In Focus, October 2002

The Caucasus biodiversity hotspot is home to leopard, wild boar, West Caucasian tur, bezoar goat and numerous flagship bird species. The Caucasus is also categorized as a Global 200 Ecoregion by WWF, which has worked for more than a decade to ensure conservation of the biodiversity in this mountainous range.

CEPF has entered into a partnership with the WWF Caucasus Programme to determine strategic opportunities for future CEPF investments to do the most good in this unique temperate hotspot, which spans approximately 420,000 square kilometers across six countries between the Black and Caspian seas.

WWF will catalyze a stakeholder consultation process, information synthesis and analysis during the next six months that will ultimately result in an ecosystem profileā€”a framework that would guide CEPF investments in the region.

Mobilizing the Preparation Process

CEPF Grant and Program Management directors visited Georgia in September to learn more about the region, meet NGO representatives and participate in a WWF workshop funded by the MacArthur Foundation and the World Bank.

WWF introduced the CEPF team to five natural areas in Georgia:
  • Borjomi-Kharagauli National Park, a lush temperate forest in the middle of the country
  • Colkheti National Park, an 80,000-hectare wetland near the Black Sea
  • Kazbegi Nature Reserve, a snow-covered expanse near the border with the Russian Federation
  • Lagodekhi Nature Reserve in Eastern Georgia, the country's oldest protected area created in 1912
  • Mtirala forest, a proposed national park in western Georgia that is home to important Colchic relict flora.

Each area provides important habitat for species unique to the hotspot and presents a different kind of conservation challenge and opportunity.

The hospitality of the Georgian people is unparalleled.
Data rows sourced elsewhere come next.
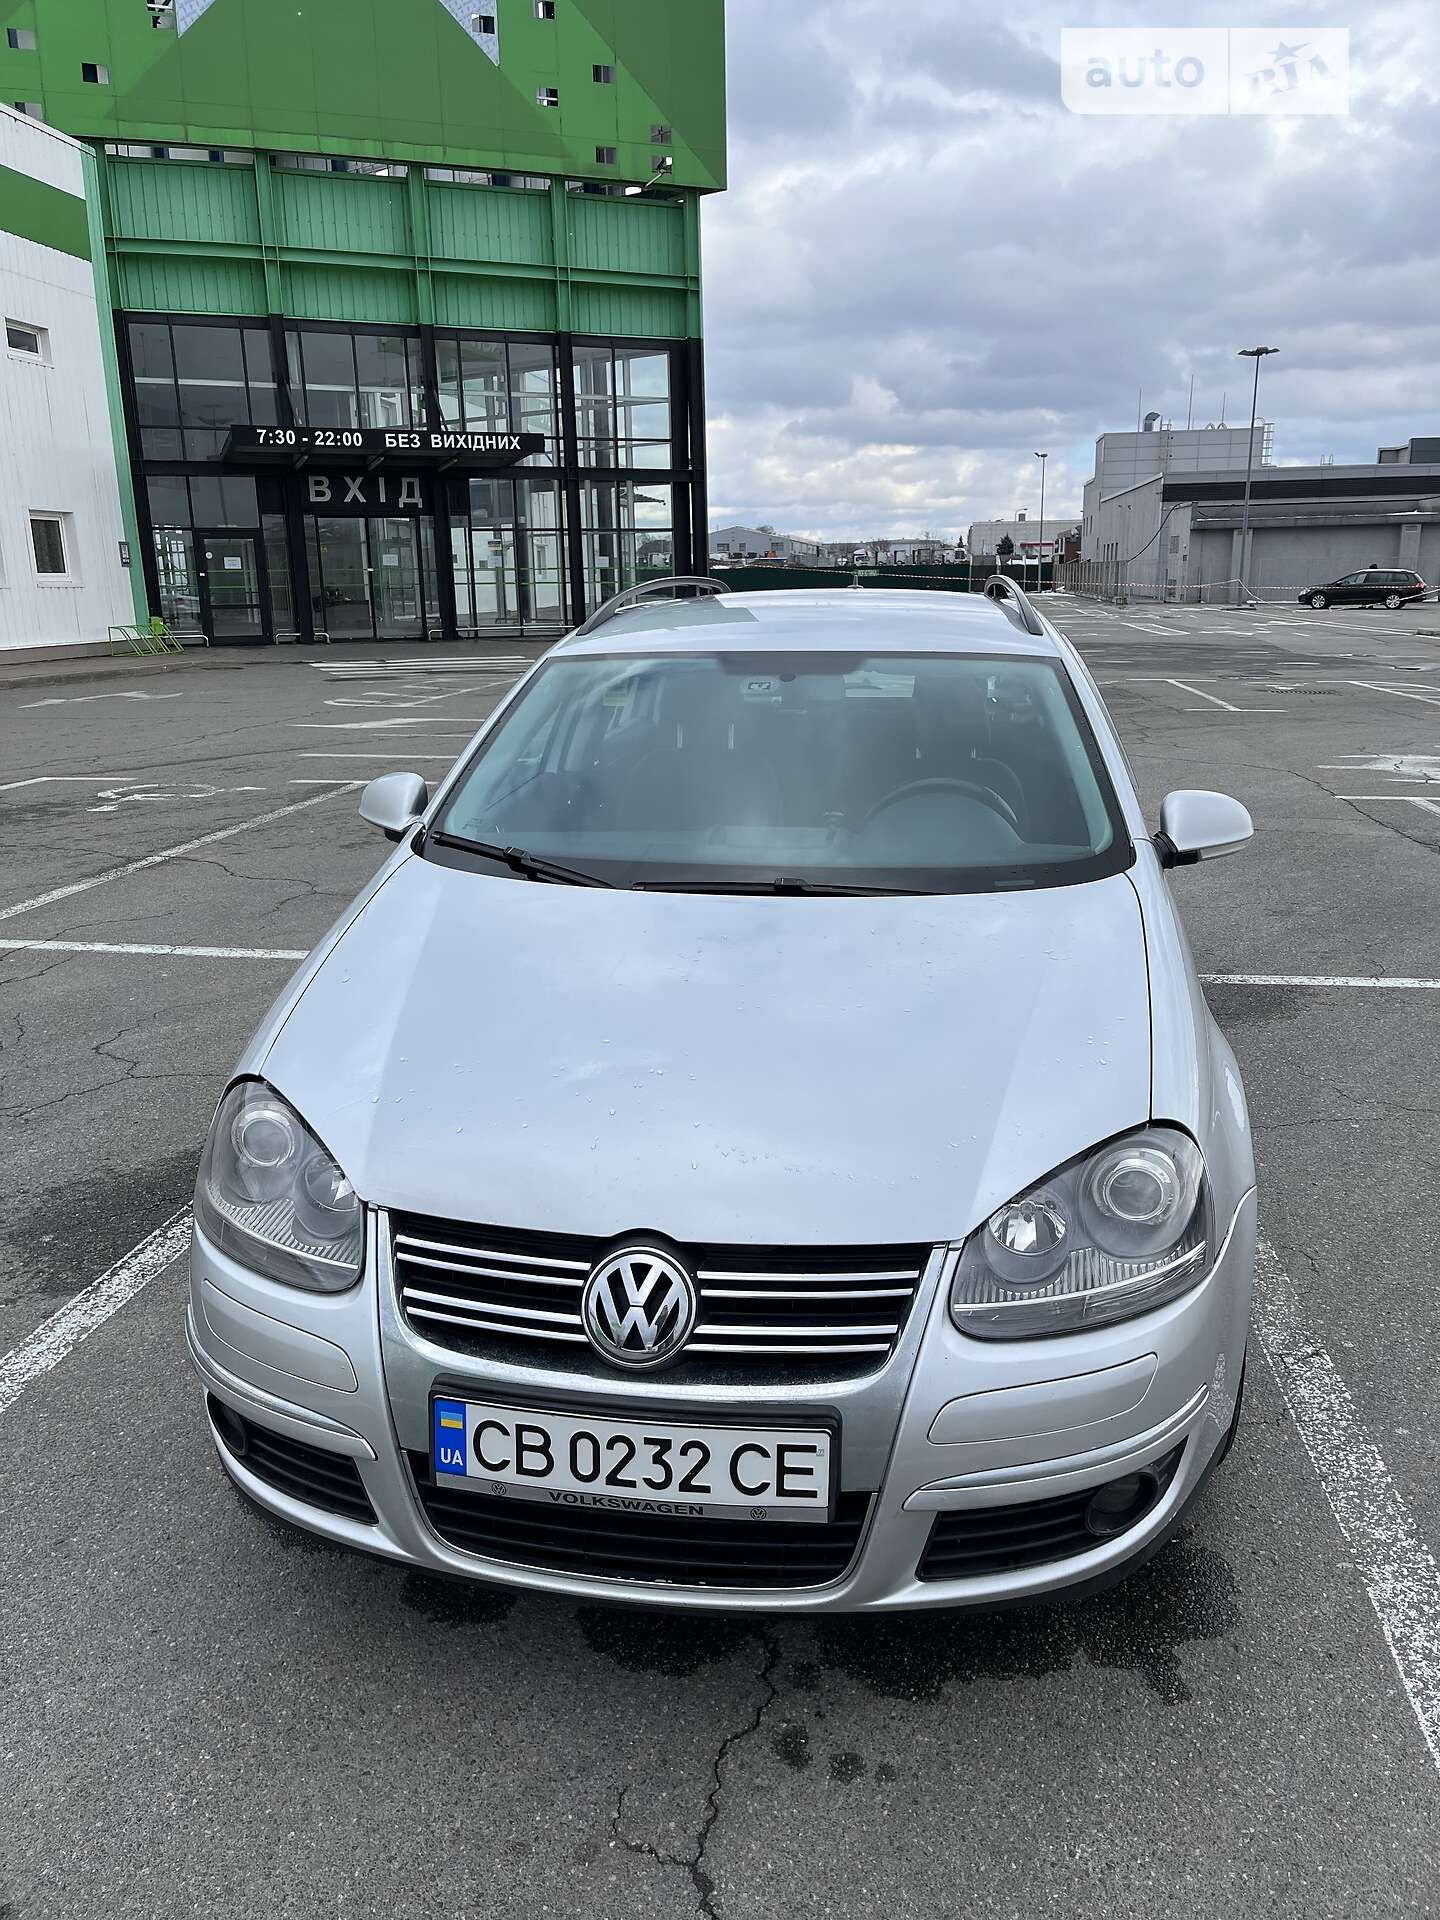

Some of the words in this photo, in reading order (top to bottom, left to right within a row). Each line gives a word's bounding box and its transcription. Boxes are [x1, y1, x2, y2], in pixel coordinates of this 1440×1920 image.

[256, 429, 296, 445] 7:30
[314, 431, 362, 447] 22:00
[385, 433, 421, 448] БЕЗ
[431, 433, 521, 451] ВИХІДНИХ
[308, 475, 423, 508] ВХІД
[440, 1447, 463, 1466] UA
[472, 1420, 555, 1478] CB
[569, 1431, 712, 1494] 0232
[729, 1443, 818, 1499] CE
[548, 1490, 704, 1516] VOLKSWAGEN
It is customary to conduct business over feasts of cheeses, different kinds of mushrooms, walnuts, grilled eggplant, trout, stuffed peppers, homemade breads and barbequed beef and chicken, complete with homemade Georgian wine.

During the site visit and workshop, CEPF staff joined colleagues from Armenia, Azerbaijan, Europe, Georgia, Iran, Russia, Turkey and the United States to partake in this customary outpouring of conviviality.

CEPF staff met with numerous nongovernmental and governmental representatives, including the Noah's Ark Center for the Recovery of Endangered Species (NACRES), Rec Caucasus, Horizonti Foundation, Georgian Center for the Conservation of Wildlife, the Ministry of Environment and the CUNA Foundation.

Demonstrating a commitment echoed by others who CEPF staff met while in Georgia, Marlen Patsasia, the Director of Colkheti National Park, said securing protection for this vast wetlands would "fulfill my destiny."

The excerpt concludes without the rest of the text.